MATERIAL PROVIDED Start Marker
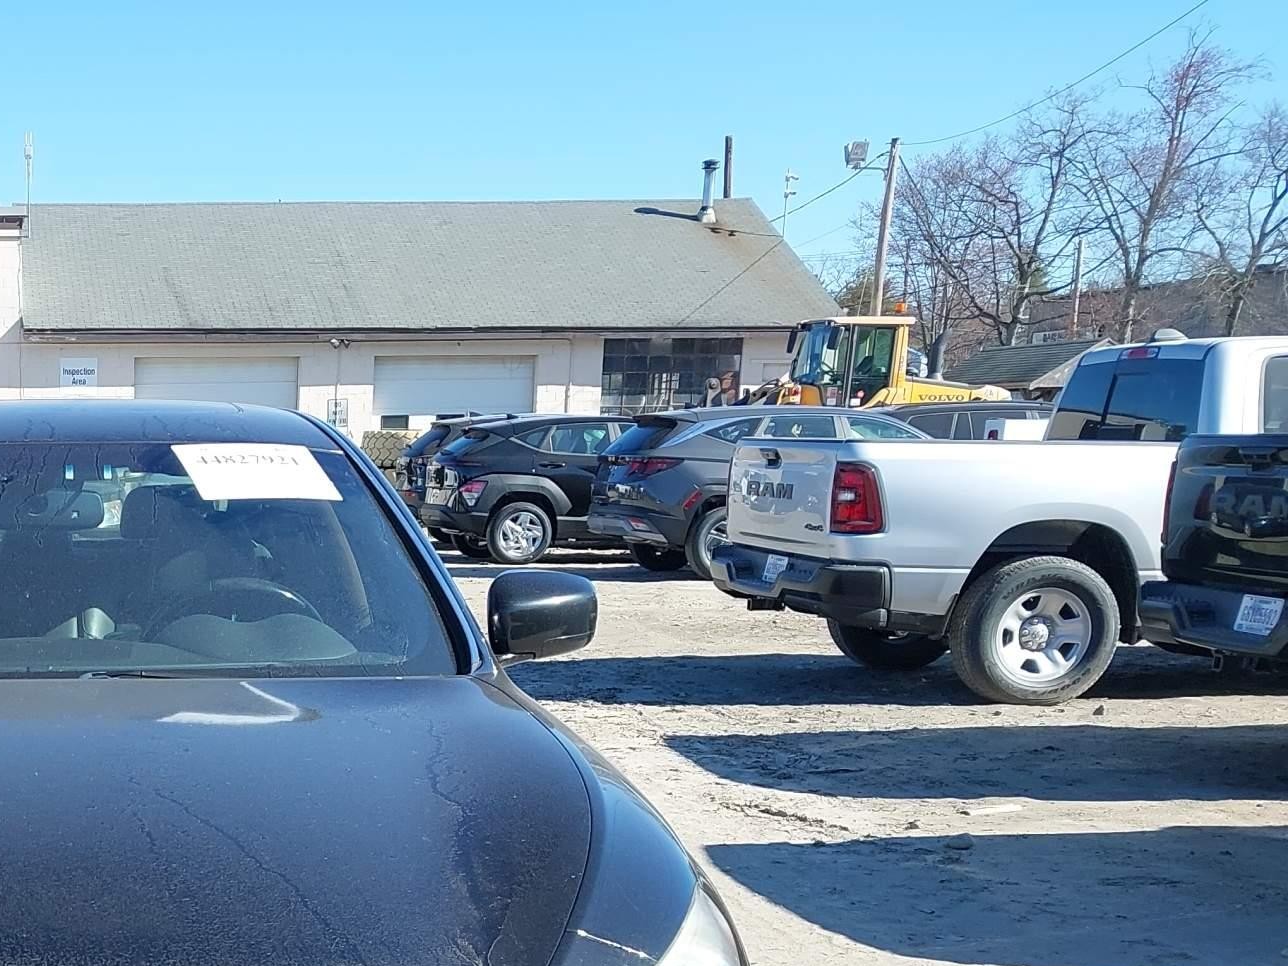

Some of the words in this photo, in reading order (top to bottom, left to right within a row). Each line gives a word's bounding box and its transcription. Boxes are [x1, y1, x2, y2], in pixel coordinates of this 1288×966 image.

[62, 367, 96, 377] Inspection
[71, 377, 87, 385] Area
[196, 455, 300, 466] 44827921
[746, 480, 794, 500] RAM
MATERIAL PROVIDED End Marker
**TASK DIRECTIONS**
Each of the lines above should be transcribed exactly; no image is to be copied.

**TASK RESPONSE**
Some of the words in this photo, in reading order (top to bottom, left to right within a row). Each line gives a word's bounding box and its transcription. Boxes are [x1, y1, x2, y2], in pixel coordinates of this 1288×966 image.

[62, 367, 96, 377] Inspection
[71, 377, 87, 385] Area
[196, 455, 300, 466] 44827921
[746, 480, 794, 500] RAM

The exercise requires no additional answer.